Dr. Fauci Just Warned of Post-Acute COVID Syndrome

·4 min read
Woman sitting on the bed with pain.

There is good news, finally, for those “long haulers” suffering from the long-term effects of COVID, or what is now known as Post-Acute Sequelae of SARS-CoV-2 (PASC). Dr. Anthony Fauci, the chief medical advisor to the President and the director of the National Institute of Allergy and Infectious Diseases, appeared at the White House COVID-19 Response Team Briefing to announce that the National Institutes of Health is researching it, backed by $1.15 billion of funding. “I'm happy to say that yesterday, there was the first in what will be a series of research opportunity announcements released for NIH initiatives on this puzzling syndrome,” he said. Read on—and to ensure your health and the health of others, don't miss these Sure Signs You've Already Had Coronavirus.
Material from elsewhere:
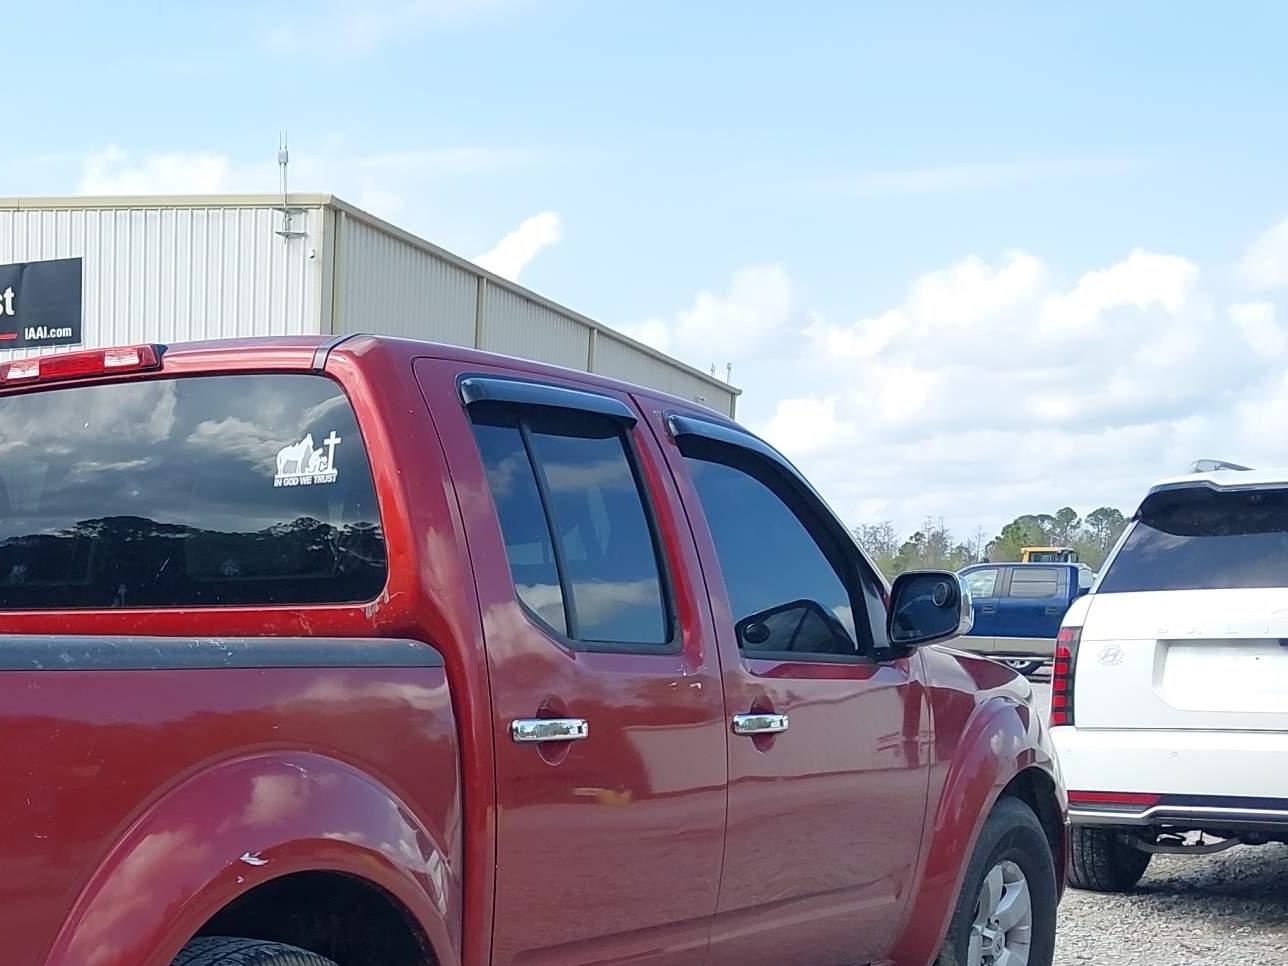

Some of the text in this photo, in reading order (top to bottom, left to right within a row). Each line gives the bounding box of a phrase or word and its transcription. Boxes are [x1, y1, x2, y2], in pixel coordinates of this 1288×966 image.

[274, 475, 336, 487] IN GOD WE TRUST
Dr. Fauci Described Post-Acute Sequelae of SARS-CoV-2 (PASC) and Its Symptoms

Said Dr. Fauci: “The symptoms of this include fatigue, shortness of breath, sleep disorders, fevers, GI symptoms, anxiety, and depression, and what some have heard me referring to as ‘brain fog’ or an inability or a difficulty in concentrating or focusing. Remember these are post acute sequelae: After the virus essentially has been cleared from the body and actually new symptoms sometimes arise well after the time of infection or they evolve over time and they may persist…for months and can range from mild annoying to actually quite incapacitating. The magnitude of the problem is not yet fully known.”

Dr. Fauci described a few studies that indicate the issue could affect a significant percentage of the population. “There have been a number of papers that have described in some detail”—he mentioned one “in China of 1,700 patients who actually had been hospitalized” but stressed that “you can get this post acute syndrome, even in individuals who did not require hospitalization. The six month followup showed a variety of signs and symptoms shown here with many having fatigue and weakness…sleep difficulties, anxiety, or depression, and the greater proportion of patients with more severe illness at impaired lung diffusion and capacity.”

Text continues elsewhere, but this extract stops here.